*** Records supplied Section Begins ***
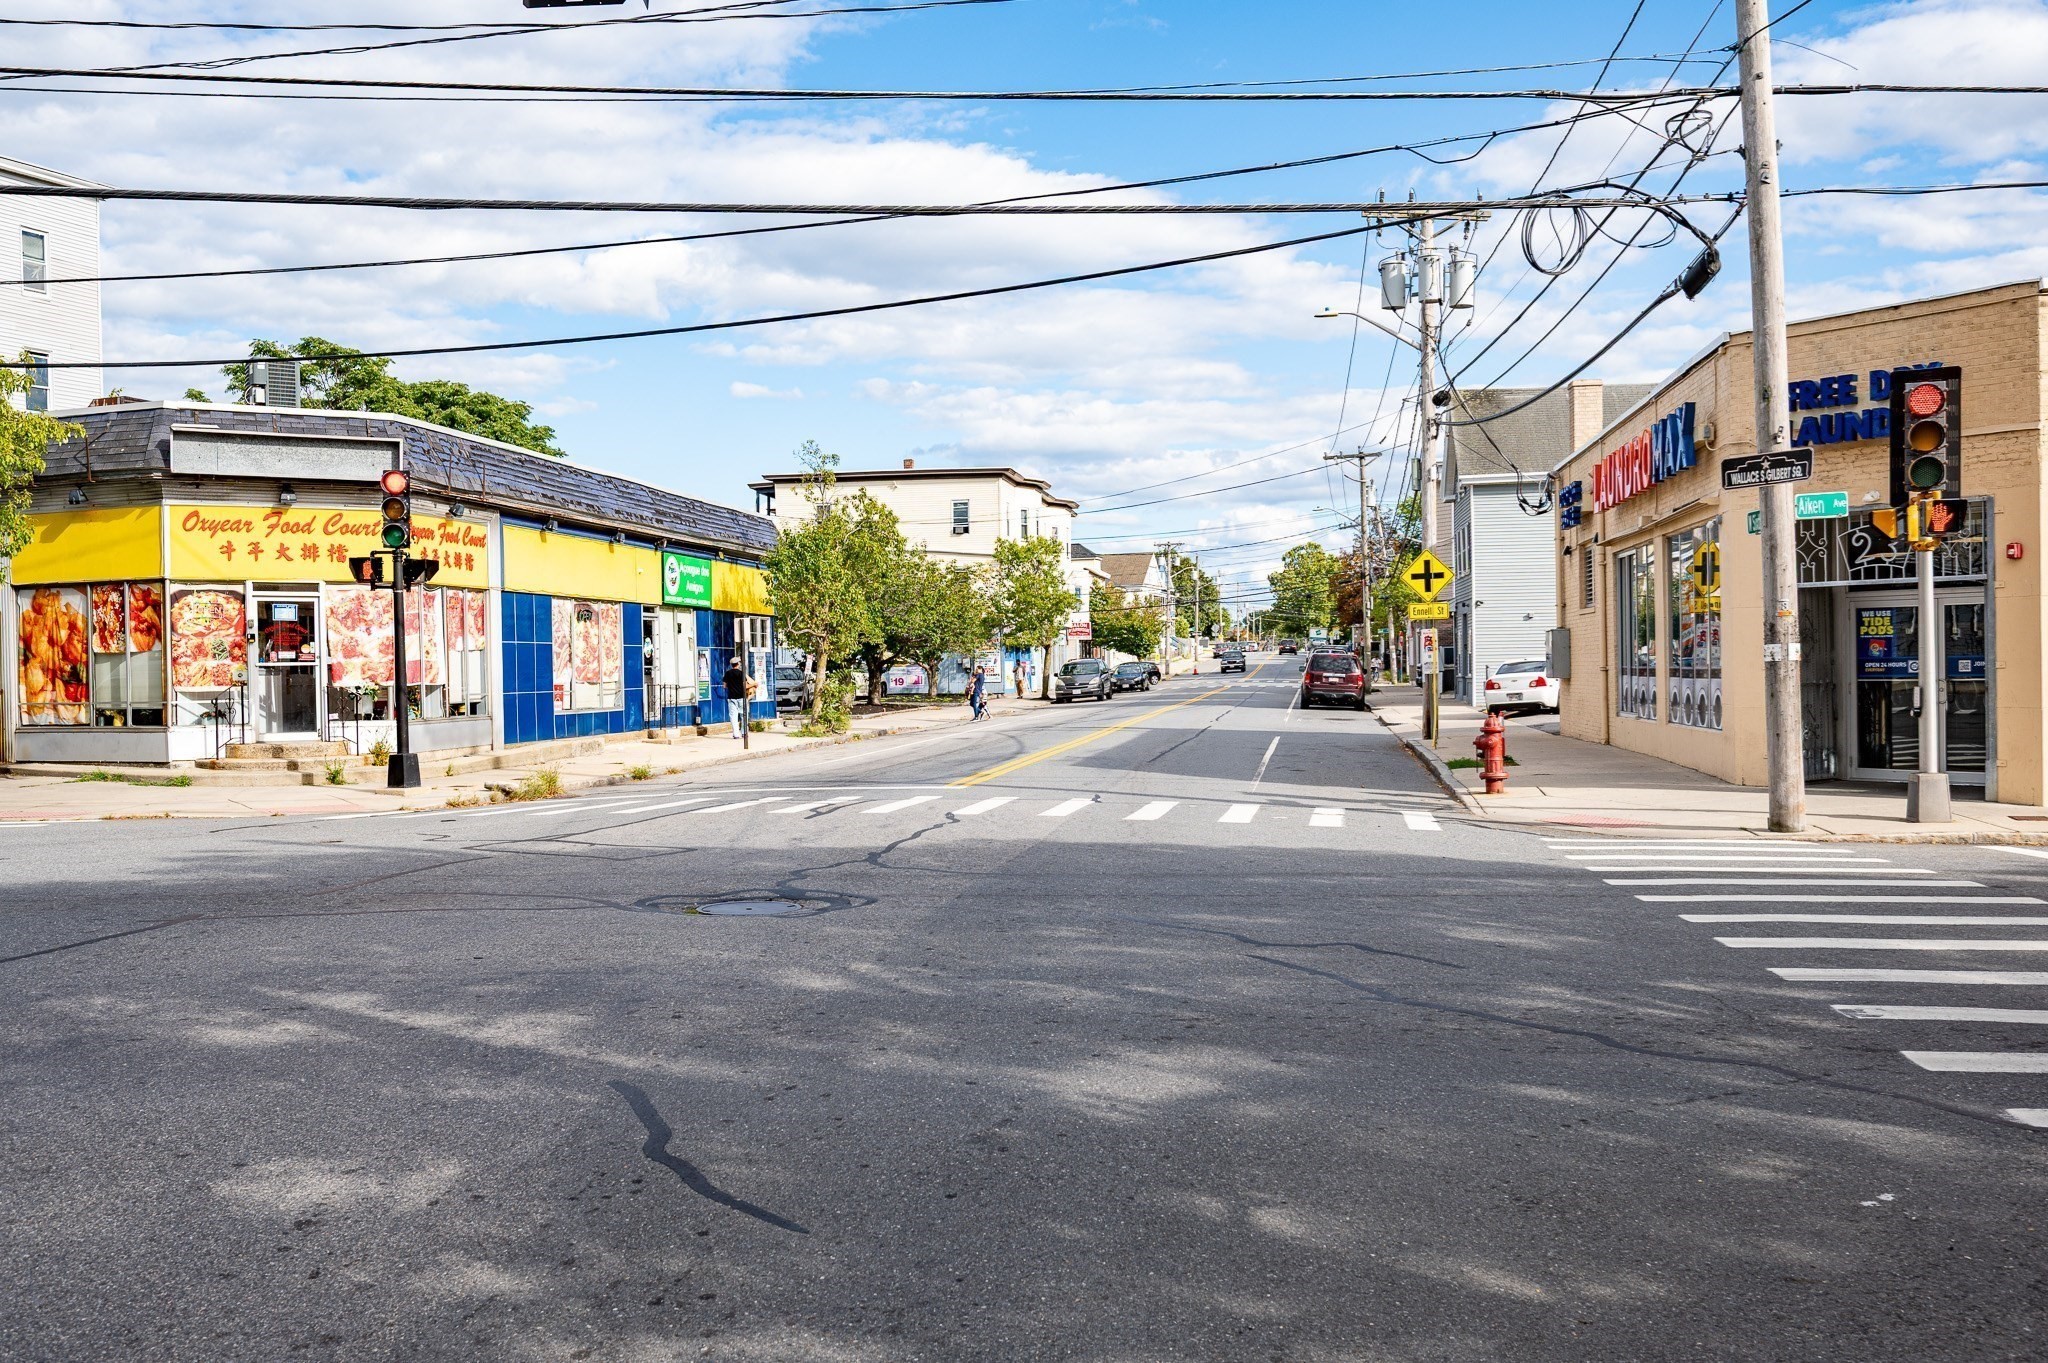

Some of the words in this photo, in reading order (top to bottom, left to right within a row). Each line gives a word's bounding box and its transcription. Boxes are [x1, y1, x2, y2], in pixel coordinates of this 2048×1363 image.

[1788, 374, 1858, 412] FREE
[1730, 470, 1760, 485] WALLACE
[1766, 467, 1791, 480] GILBERT
[1798, 497, 1825, 515] Aiken
[1833, 498, 1847, 509] Ave
[182, 510, 254, 539] Oxyear
[262, 511, 316, 538] Food
[323, 513, 381, 536] Court
[438, 523, 460, 545] Food
[463, 526, 487, 548] Court
[1413, 606, 1433, 615] Ennell
[1437, 606, 1444, 615] St
[1862, 617, 1891, 626] TIDE
*** Records supplied Section Ends ***
**Assigned task**
Set down all of the entries exactly as they stand, without any image.

**Output of the exercise**
Some of the words in this photo, in reading order (top to bottom, left to right within a row). Each line gives a word's bounding box and its transcription. Boxes are [x1, y1, x2, y2], in pixel coordinates of this 2048×1363 image.

[1788, 374, 1858, 412] FREE
[1730, 470, 1760, 485] WALLACE
[1766, 467, 1791, 480] GILBERT
[1798, 497, 1825, 515] Aiken
[1833, 498, 1847, 509] Ave
[182, 510, 254, 539] Oxyear
[262, 511, 316, 538] Food
[323, 513, 381, 536] Court
[438, 523, 460, 545] Food
[463, 526, 487, 548] Court
[1413, 606, 1433, 615] Ennell
[1437, 606, 1444, 615] St
[1862, 617, 1891, 626] TIDE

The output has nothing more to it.